In occasione dell’uscita Italiana, degna di nota, è stata l’iniziativa svoltasi al CineCitè del centro commerciale Porte di Roma, che in questo periodo sta dando il via ad una serie di maratone dedicate al grande cinema: nell’evento Week end senza sonno, svoltosi dal 17 al 19 Settembre, sono state presentate pellicole come Memento, Insomnia, The Prestige, Batman Begins e Il cavaliere Oscuro, dando il benvenuto ai primi 20 minuti (in originale) di Inception, che ci hanno fatto addentrare con una stremante attesa, nell’ultima meraviglia di Nolan.

Domm Cobb (Leonardo di Caprio), estrattore per professione, è il migliore nel suo campo. Insieme al suo fidato collaboratore Arthur (Joseph Gordon-Levitt), penetra nei sogni delle sue vittime, per estirparne i segreti più profondi. Misteriosamente impossibilitato nel tornare a casa negli Stati Uniti, Cobb si dimostrerà interessato dalla proposta del potente uomo di affari Saito (Ken Watanabe): il suo ritorno a casa sarà determinato da un impianto elaborato nei confronti di Robert Fischer (Cillian Murphy), erede di un grande impero economico. Cobb, così, inizierà a mettere insieme quello che sarà il suo team per l’ultimo colpo della sua vita.
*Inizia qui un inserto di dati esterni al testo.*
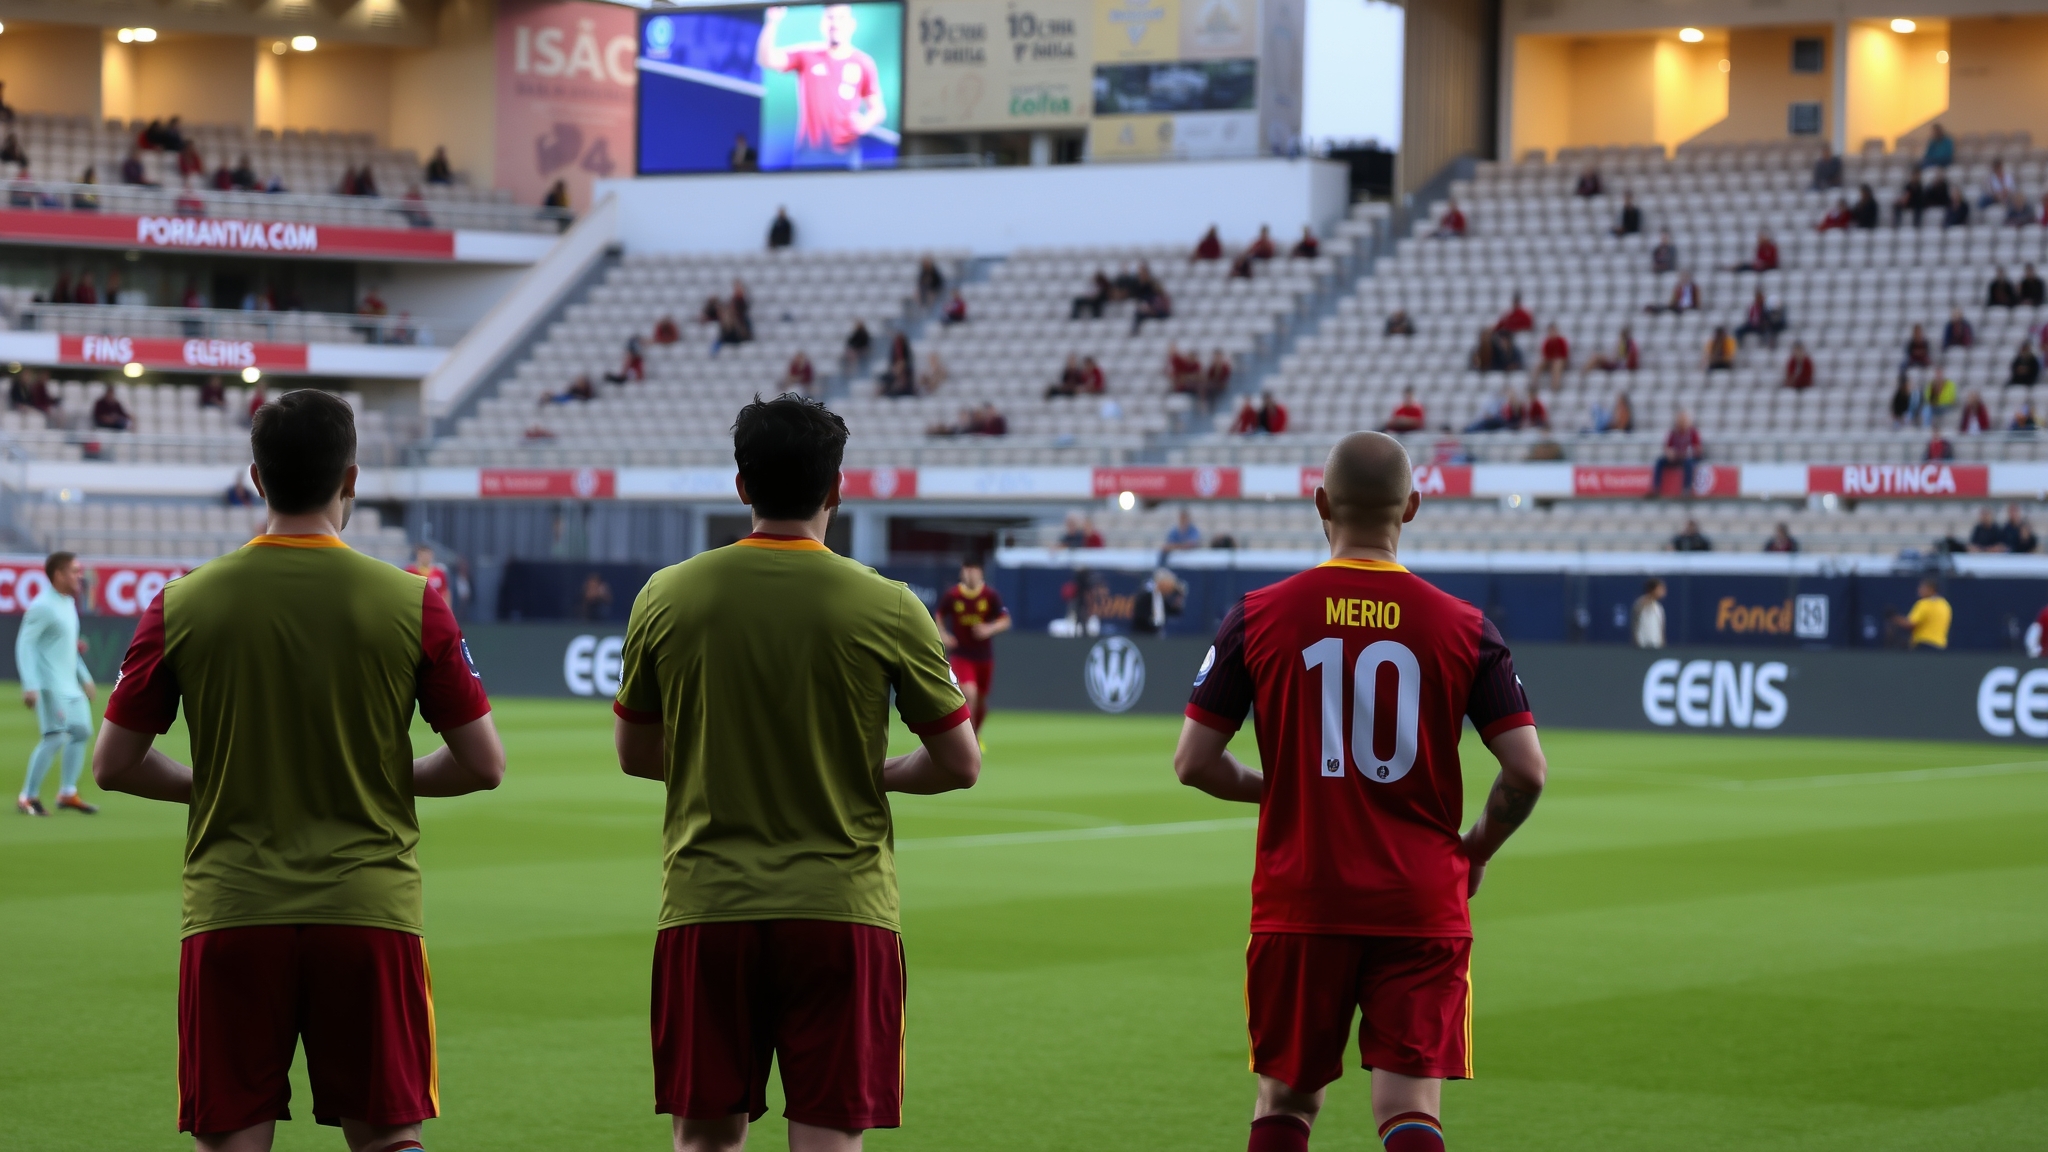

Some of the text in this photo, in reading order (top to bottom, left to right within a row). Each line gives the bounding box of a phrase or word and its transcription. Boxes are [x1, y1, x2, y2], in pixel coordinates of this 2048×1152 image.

[1842, 466, 1956, 495] RUTINCA
[1326, 597, 1401, 630] MERIO
[1302, 637, 1421, 784] 10
[1641, 658, 1789, 730] EENS
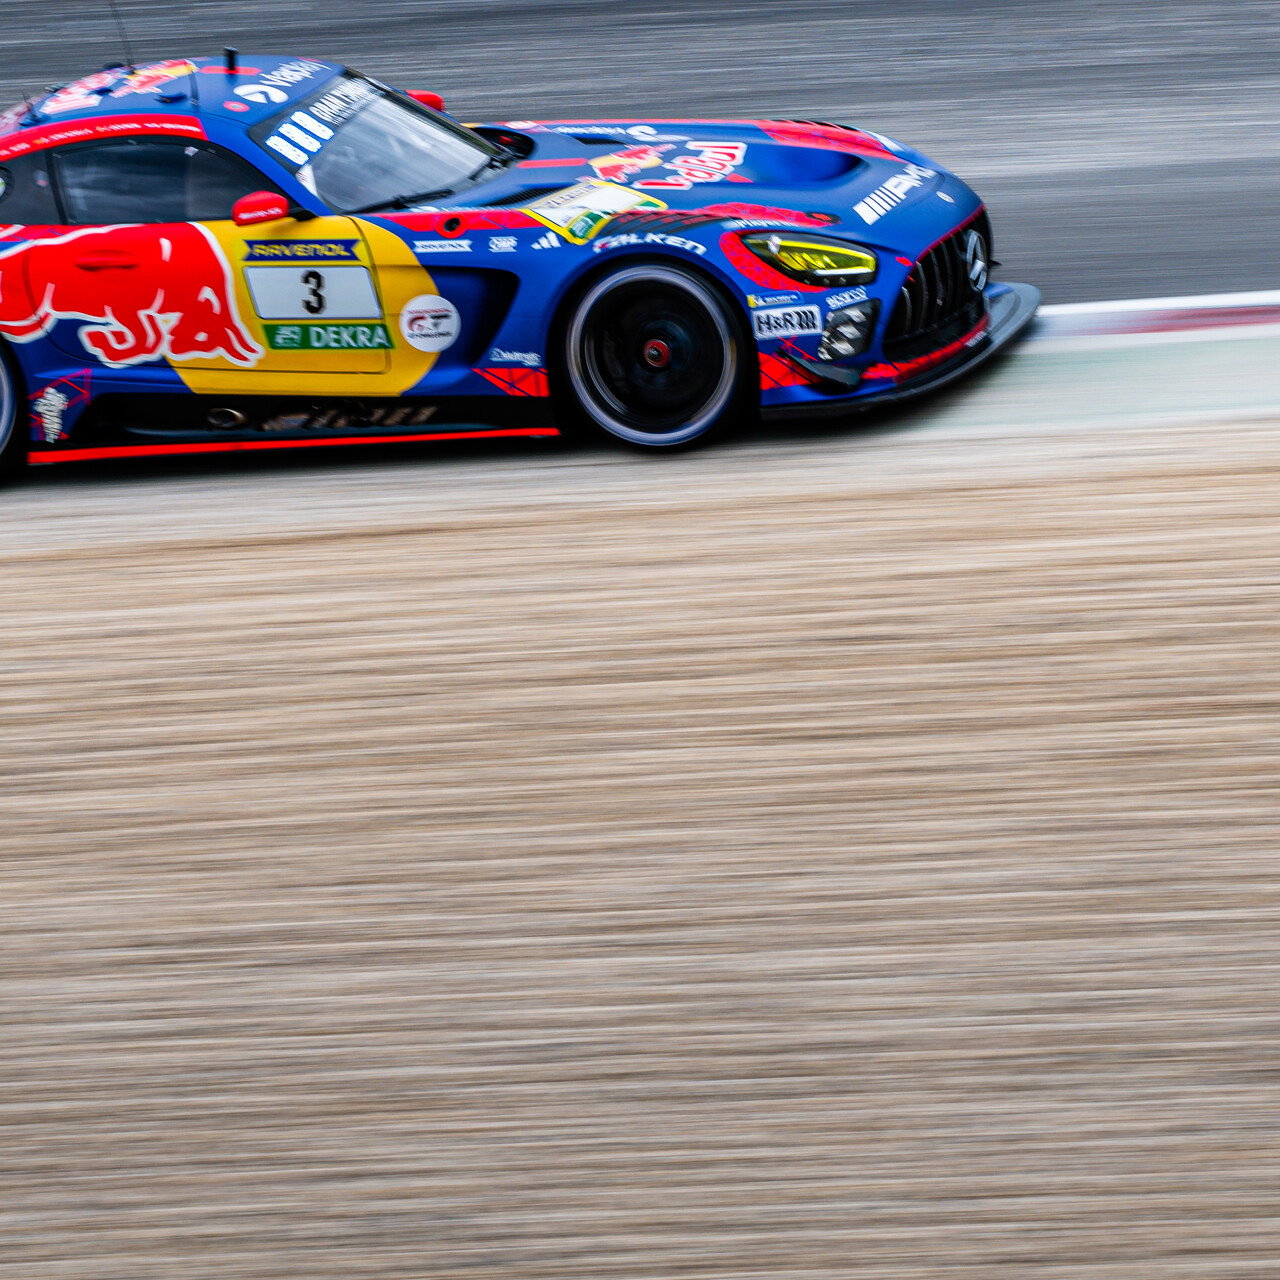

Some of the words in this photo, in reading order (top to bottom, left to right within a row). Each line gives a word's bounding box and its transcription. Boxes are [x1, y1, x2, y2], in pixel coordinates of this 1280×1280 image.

[249, 243, 351, 257] RAVENOL
[592, 232, 708, 256] FALKEN
[300, 269, 326, 315] 3
[308, 325, 394, 348] DEKRA
Una delle tante cose che si possono amare nel cinema di Nolan, è l’uso amplificato dell’attore “feticcio” che qui, non a caso, si estende all’intero “cast”. Figure come Ken Watanabe, Cillian Murphy o lo stesso, amatissimo, Michael Caine (in questo caso presente nella parte del padre di Cobb), ci risultano volti familiari, assimilati, piacevolmente rivisti, per noi che seguiamo costantemente il percorso di Nolan.
Come una grande combriccola, riunita, ci affidiamo alla certezza di sensazioni già vissute, totalmente positive e che, di certo, non possono lasciarci con l’amaro in bocca. Emozioni che tornano, come sempre a condurci, nel fattore scatenante delle vicende costruite da Nolan: l’amore. Visibile, doloroso e spaventoso, l’amore viaggia nelle sue opere più famose, macchiando il protagonista maschile di una felicità rubata, ormai lontana: la paura netta di perdere chi si ama, come massima oscurità dell’animo del regista, divenendo un riflesso del tutto accecante.
Ed è così che Inception, al di là di ogni difetto, come alcune incongruenze della mancanza di gravità (memorabile sequenza, ormai cult, del combattimento senza gravità da parte di Arthur) o la vera funzionalità di uscita del limbo, riesca comunque ad incantarci fino alla fine come un trucco di prestigio ben fatto. Perchè la perfezione estetica, fredda e schematica, che spesso blocca certe emozioni lì a poco dal nascere, fa solo da contenitore alla vera magia di Inception: si sfilaccia, come un tessuto corposo, rivelandoci le sue innumerevoli sfaccettature.
Non si parla solo di citazioni come la scala di Penrose dell’Olandese Escher usate più volte dal personaggio di Gordon-Levitt, o del riferimento preso da Arianna (Ellen Page), architetto del gruppo, riguardante la mitologia di Teseo e il Labirinto di Cnosso, ma anche del simbolismo definitivo che il film acquista nella sua conclusione.
Nolan gioca con la sua arte, contro di noi, chiedendoci comunque “un atto di fede” che possa convincerci che, lontano da totem rotanti e sfide impossibili da superare, ci sia la semplice quanto liberatoria nozione della “scelta”. Quella di lasciarsi tutto alle spalle, di uccidere il proprio fantasma e di accettare il dilemma, il dubbio, che ci sia ancora un altro livello del sogno dalla quale uscire, soltanto per quell’amore che può davvero renderci liberi.
Michael Cane recitava in The Prestige: “ora voi state cercando il segreto, ma non lo troverete, perché in realtà non state davvero guardando. Voi non volete saperlo. Voi volete essere ingannati”, ed è bello, affascinante, un sollievo, che Nolan per l’ennesima volta sia riuscito a creare il “prestigio”.